Casa de colonos alemães no Brasil, registrada provavelmente no início do século XX, exemplificando a arquitetura típica das colônias agrícolas da época. A construção combina paredes de alvenaria de tijolos aparentes com estrutura de madeira no estilo enxaimel, sob cobertura de telhas cerâmicas de duas águas e oitão de tábuas verticais com pequenas janelas superiores. A composição estrutura-se em plano geral e perspectiva angular, capturando a residência e seus moradores dispostos ao longo da fachada principal e das dependências anexas em um ambiente rural emoldurado por colinas ao fundo sob iluminação solar natural.
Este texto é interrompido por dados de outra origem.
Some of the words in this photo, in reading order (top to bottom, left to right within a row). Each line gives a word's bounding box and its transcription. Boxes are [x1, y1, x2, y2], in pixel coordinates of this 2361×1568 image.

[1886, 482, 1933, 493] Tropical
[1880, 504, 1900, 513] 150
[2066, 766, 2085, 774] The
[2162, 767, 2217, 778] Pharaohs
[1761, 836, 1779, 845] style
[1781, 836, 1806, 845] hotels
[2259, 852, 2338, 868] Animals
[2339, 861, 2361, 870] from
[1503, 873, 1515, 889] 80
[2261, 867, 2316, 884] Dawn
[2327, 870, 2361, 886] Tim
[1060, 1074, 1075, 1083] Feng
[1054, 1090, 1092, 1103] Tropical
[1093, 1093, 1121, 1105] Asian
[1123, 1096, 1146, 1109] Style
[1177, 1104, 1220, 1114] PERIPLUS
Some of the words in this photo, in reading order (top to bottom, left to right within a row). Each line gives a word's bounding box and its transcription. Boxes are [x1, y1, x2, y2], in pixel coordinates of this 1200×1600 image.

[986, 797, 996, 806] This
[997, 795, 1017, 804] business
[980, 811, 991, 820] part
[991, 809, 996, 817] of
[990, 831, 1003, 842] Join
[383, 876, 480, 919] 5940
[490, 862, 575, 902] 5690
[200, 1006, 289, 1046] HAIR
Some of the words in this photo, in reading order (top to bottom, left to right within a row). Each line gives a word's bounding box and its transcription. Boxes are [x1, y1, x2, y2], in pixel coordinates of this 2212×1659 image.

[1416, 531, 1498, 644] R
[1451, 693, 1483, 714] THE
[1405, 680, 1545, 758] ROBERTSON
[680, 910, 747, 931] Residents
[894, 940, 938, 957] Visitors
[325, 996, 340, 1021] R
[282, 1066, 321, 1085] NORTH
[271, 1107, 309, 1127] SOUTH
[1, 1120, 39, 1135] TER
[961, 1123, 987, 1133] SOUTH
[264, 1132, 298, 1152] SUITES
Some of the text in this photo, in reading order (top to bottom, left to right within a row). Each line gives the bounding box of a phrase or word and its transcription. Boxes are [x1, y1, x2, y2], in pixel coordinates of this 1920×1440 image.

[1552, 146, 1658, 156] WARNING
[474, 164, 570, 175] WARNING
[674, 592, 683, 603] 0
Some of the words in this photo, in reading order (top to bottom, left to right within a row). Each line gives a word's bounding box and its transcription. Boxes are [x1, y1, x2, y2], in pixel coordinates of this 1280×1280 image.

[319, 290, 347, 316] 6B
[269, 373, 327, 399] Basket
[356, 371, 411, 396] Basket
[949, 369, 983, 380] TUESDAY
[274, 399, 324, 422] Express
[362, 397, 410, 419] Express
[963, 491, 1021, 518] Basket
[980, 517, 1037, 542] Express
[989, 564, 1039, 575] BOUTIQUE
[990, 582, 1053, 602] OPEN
No primeiro plano inferior, estende-se um amplo pátio de terra batida. À esquerda, uma cerca de madeira delimita uma área de depósito onde se encontram tábuas e ripas empilhadas, junto às quais adultos e crianças permanecem posicionados de pé. Próximo ao centro da fachada principal, crianças e pequenos animais encontram-se no solo diante da estrutura, enquanto moradores aparecem debruçados nas janelas de folhas de madeira e uma mulher com uma criança ao colo posiciona-se no vão da porta de acesso com pequenos degraus.
No plano médio e à direita, a residência conecta-se a uma longa edificação anexa de madeira com cobertura contínua de telhas cerâmicas, utilizada como galpão ou estrebaria, onde se observam figuras humanas e animais de tração. No plano de fundo, a paisagem rural é dominada por uma colina de suave aclive e vegetação rasteira de campo, arrematando o registro da vida cotidiana e da ocupação pioneira no espaço colonial.